One Word Friday

Have you chosen your word, or did your word choose you?

How are you going to keep it in the forefront this year? I found a verse from on the books of the Apocrypha, Wisdom 3:9, that speaks to the idea of what it means to abide.

Those who trust in him understand truth,

and the faithful will abide with him in love,

because grace and mercy are with his holy ones,

and he watches over his elect.

I used my new Cricut machine to cut out the words of this verse to make a canvas. Right now, this canvas is hanging on the Christmas stocking hangers in the living room because I haven’t decided where to put the canvas for the year.

untitled-2

Sometimes, our words make us feel uncomfortable. “Abide” makes me uncomfortable. I’m not sure what I’m supposed to abide in right now. Is it words? Gracious, I’ve been reading a whole heck of a lot recently, so I guess I am abiding in those words that I am reading.

10398308_10153785624759323_8889260963879370237_n (1)

Is it “art”? I have started a daily art journal practice, of sorts, following the ideas of Gina Rossi Armfield’s No Excuses Art Journaling, as well incorporating ideas from Theresa Reobinson’s Right Brain Planner. Each day I record a little bit about my day—a color that I like or that suits my mood, a word to guide me through the day or that expresses my feelings or my mood, a simple drawing of the weather. I use a ittle watercolor, or acrylic paint, a dip pen and India ink and sometimes I write some song lyrics to describe the weather. (Do you know how many songs there are about RAIN? I am beginning to find out!) Another thing I am trying to do is to record more images of the ordinary things around me, not necessarily every day, but several times a week. This week, I have photographed the orchids that are blooming in my home. I have two windowsills full of “moth” orchids, and one oncidium orchid.

untitled-13

This week, I am “abiding” in the joy of these new blooms, the color that they add to the room, and the feeling of lightness that they are bringing to me, after a fall and early winter of grief.

This week, I invite you to find a way to abide with your word. Use it in art. Write it on sticky-notes and put those colorful squares where you will see them throughout your day.

And when that word feels uncomfortable, abide in the dis-ease it brings to you. That discomfort may be telling you that this is the word you need for the this time.

Photojournal Monday—Out on a Limb

I think I am an online class junkie. I signed up for three classes, at least they are “sort of” classes: Ali Edwards’ One Little Word, Art to the Fifth’s Documented Life Project: the unPlanner 2016, and Theresa Robinson’s Right Brain Planner four-week class. (Am I nuts?) Notice I’m not taking any photography classes right now? Nope. It’s not that I don’t want to, but I need to focus on the ones I’ve signed up for that I haven’t finished yet! There’s the Photoshop Artistry class that I’m half-way through. And there are the saved lessons from Kim Manley Ort’s classes, and a couple of others from Katrina Kennedy. I need to find my focus, literally and figuratively.

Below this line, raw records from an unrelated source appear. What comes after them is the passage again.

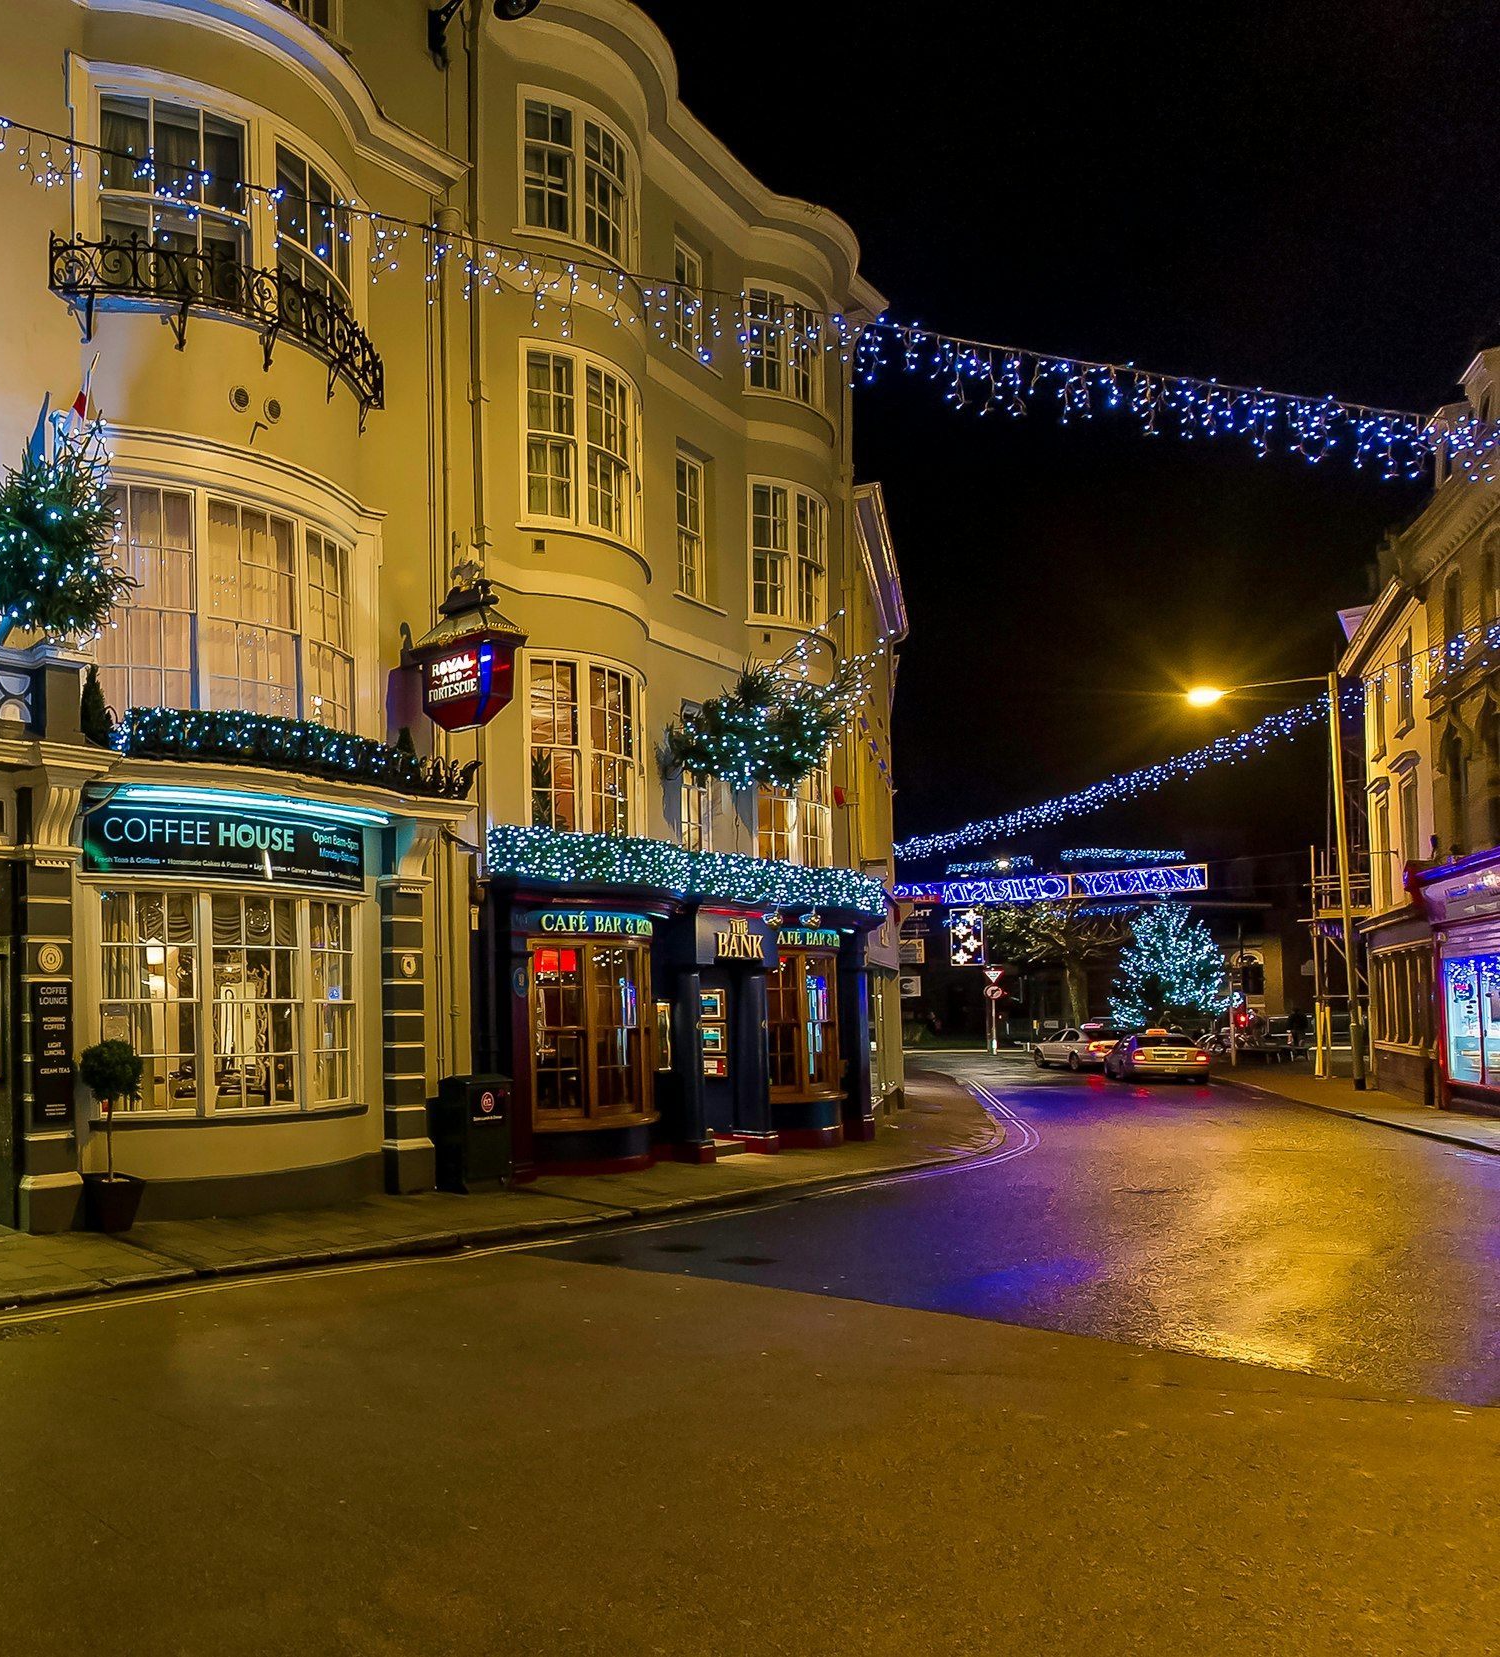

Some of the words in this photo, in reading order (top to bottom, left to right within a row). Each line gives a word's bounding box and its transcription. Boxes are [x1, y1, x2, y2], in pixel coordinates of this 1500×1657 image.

[431, 654, 474, 677] ROYAL
[441, 671, 463, 687] AND
[428, 678, 477, 703] FORTESCUE
[103, 817, 210, 846] COFFEE
[218, 822, 295, 852] HOUSE
[312, 831, 332, 845] Open
[291, 867, 307, 875] Carvery
[541, 911, 589, 932] CAFÉ
[594, 915, 622, 933] BAR
[626, 918, 634, 934] &
[730, 918, 749, 935] THE
[717, 932, 765, 959] BANK
[806, 931, 825, 946] BAR
[40, 986, 67, 995] COFFEE
[39, 997, 68, 1005] LOUNGE

The classes that have my attention right now are Documented Life Project and the Right-Brain Planner classes. For several years, I made and kept a mini-album I called “The Book of Days.” I used a variety of techniques to create calendars and then throughout the month, I would record snippets of my days. The DLP is similar. Someone else, though, has done the hard work of creating the templates! Thank you, DLP leaders!

In the DLP class, the theme for January is “Out on a Limb: Trying New Things.” Art journaling is a new thing for me. I’ve dabbled at it, but nothing seemed to take. Then I discovered this year, the No Excuses approach to art journaling, which led to the Documented Life Project 2015 (I just glimpsed it, didn’t sign up), and finally to Right-Brain planning. I have a mess. So, my limb is art journaling.

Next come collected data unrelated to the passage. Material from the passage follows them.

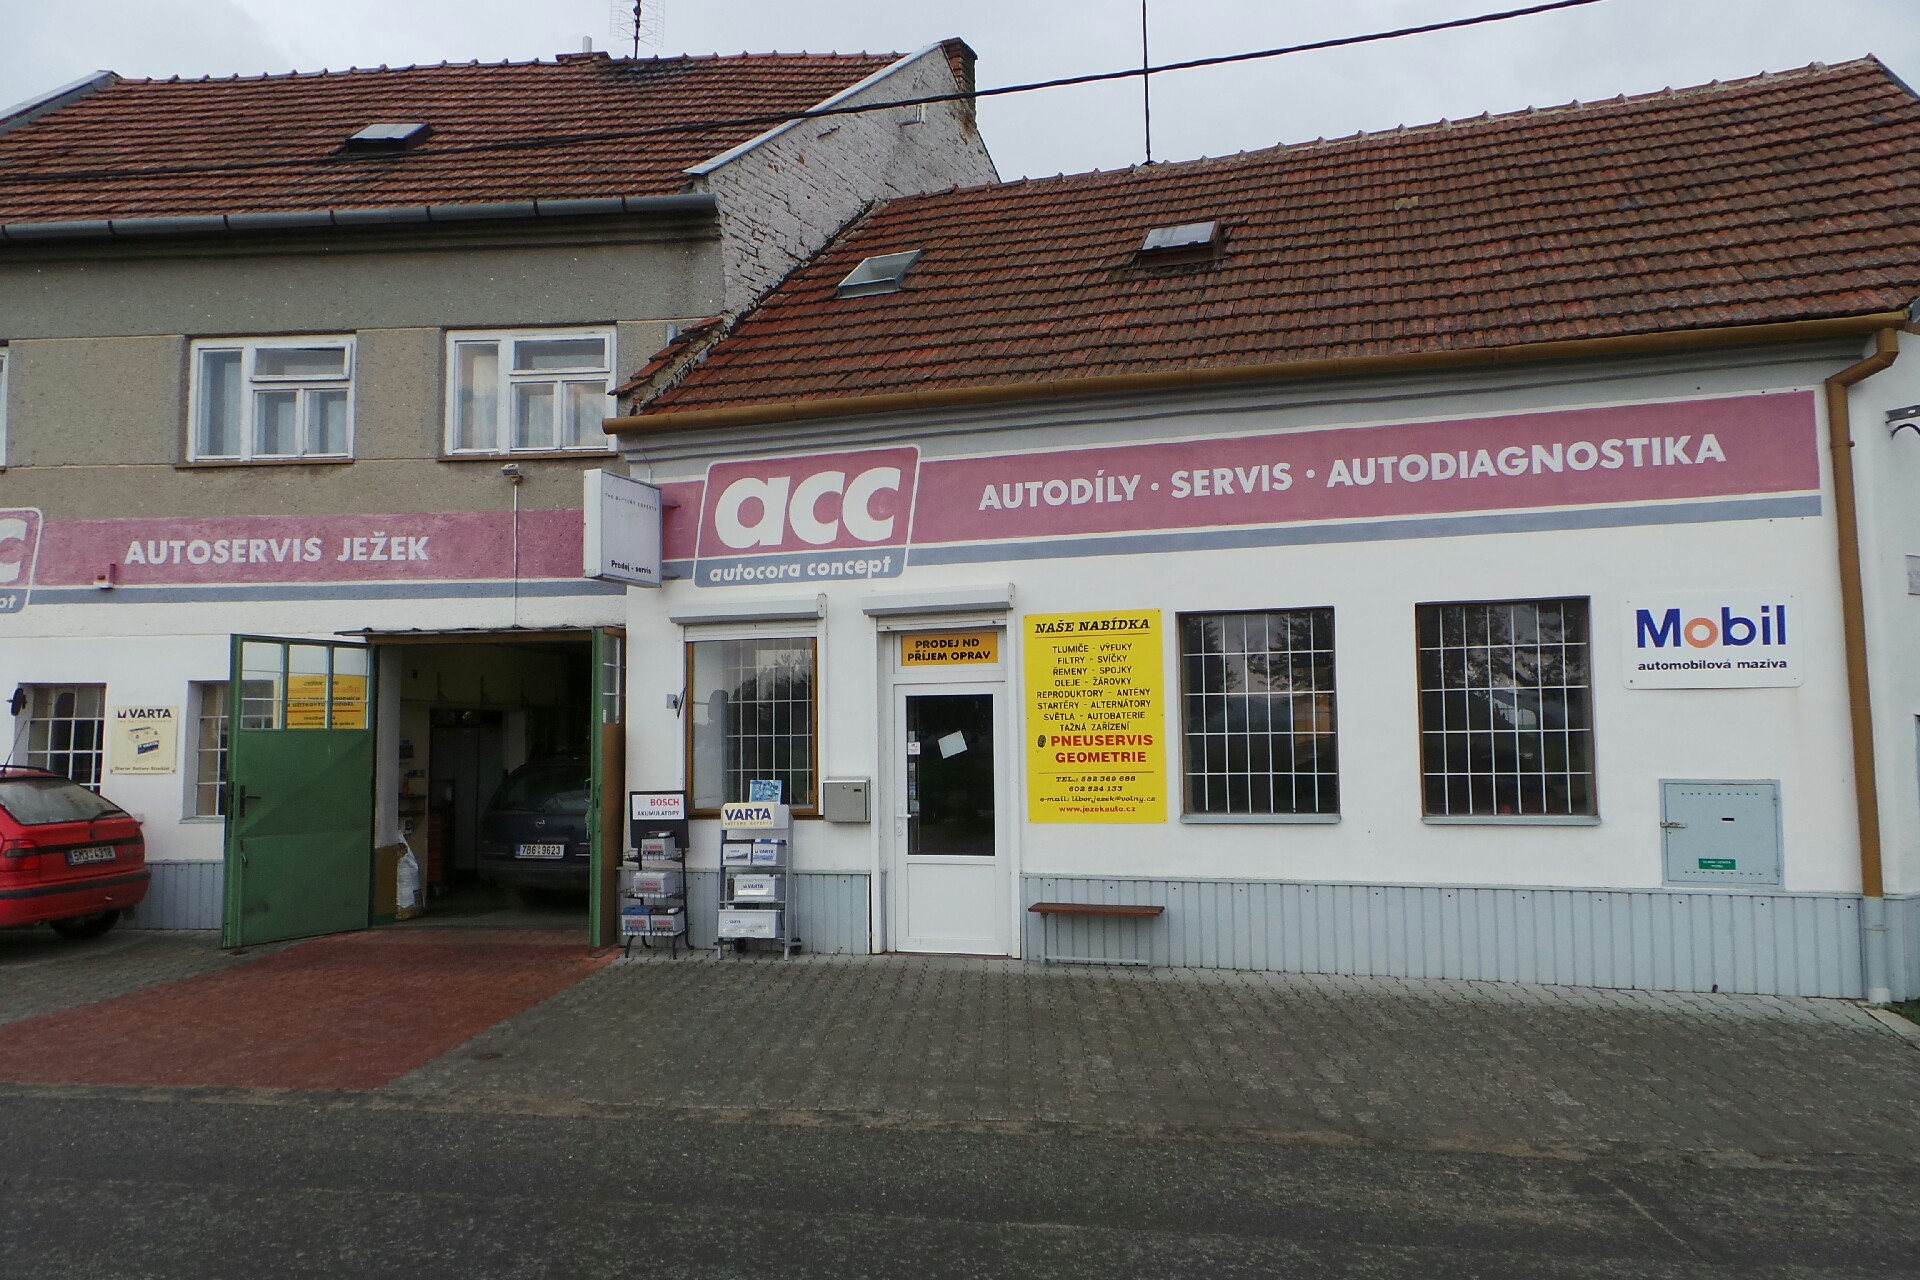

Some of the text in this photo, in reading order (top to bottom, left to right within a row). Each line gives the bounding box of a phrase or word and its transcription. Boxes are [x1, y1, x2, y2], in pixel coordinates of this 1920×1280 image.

[979, 433, 1727, 511] AUTODÍLY SERVIS AUTODIAGNOSTIKA
[715, 467, 901, 549] acc
[124, 531, 429, 566] AUTOSERVIS JEŽEK
[611, 560, 630, 572] Prodej
[635, 566, 652, 575] servis
[709, 556, 891, 582] autocora concept
[1034, 617, 1151, 634] NAŠE NABÍDKA
[1636, 605, 1787, 648] Mobil
[915, 638, 980, 649] PRODEJ ND
[1053, 643, 1089, 653] TLUMIČE
[1099, 643, 1133, 652] VÝFUKY
[907, 650, 991, 661] PŘÍJEM OPRAV
[1057, 656, 1085, 665] FILTRY
[1097, 653, 1128, 664] SVÍČKY
[1638, 658, 1788, 671] automobilová maziva
[1053, 667, 1088, 676] ŘEMENY
[1099, 666, 1132, 675] SPOJKY
[1054, 678, 1081, 687] OLEJE
[1092, 677, 1132, 686] ŽÁROVKY
[1036, 689, 1104, 699] REPRODUKTORY
[1116, 687, 1151, 697] ANTÉNY
[1037, 700, 1080, 710] STARTÉRY
[1090, 699, 1152, 709] ALTERNÁTORY
[128, 708, 172, 719] VARTA
[1043, 712, 1075, 721] SVĚTLA
[1087, 711, 1146, 720] AUTOBATERIE
[1060, 721, 1131, 732] TAŽNÁ ZAŘÍZENÍ
[1050, 734, 1154, 747] PNEUSERVIS
[1055, 751, 1147, 763] GEOMETRIE
[650, 798, 680, 807] BOSCH
[724, 808, 772, 821] VARTA
[1058, 805, 1136, 813] www.jezekauto.cz
[541, 845, 561, 855] 9623

As a photographer, though, I have to include photographs and images in my journal. One way to do that is to create photo flimstrips. I think I love them. I can print out a strip, trim it down, and tape into my “unplanner” or art journal and have a record of my week or day or month—which ever I choose to document. I am not worried about whether my journals or planners are archival safe right now. I’m just working with the here and now. This project is for ME, not necessarily for posterity. If there is one thing that losing things in two house fires almost back to back has taught me is that the things of this world are just temporary.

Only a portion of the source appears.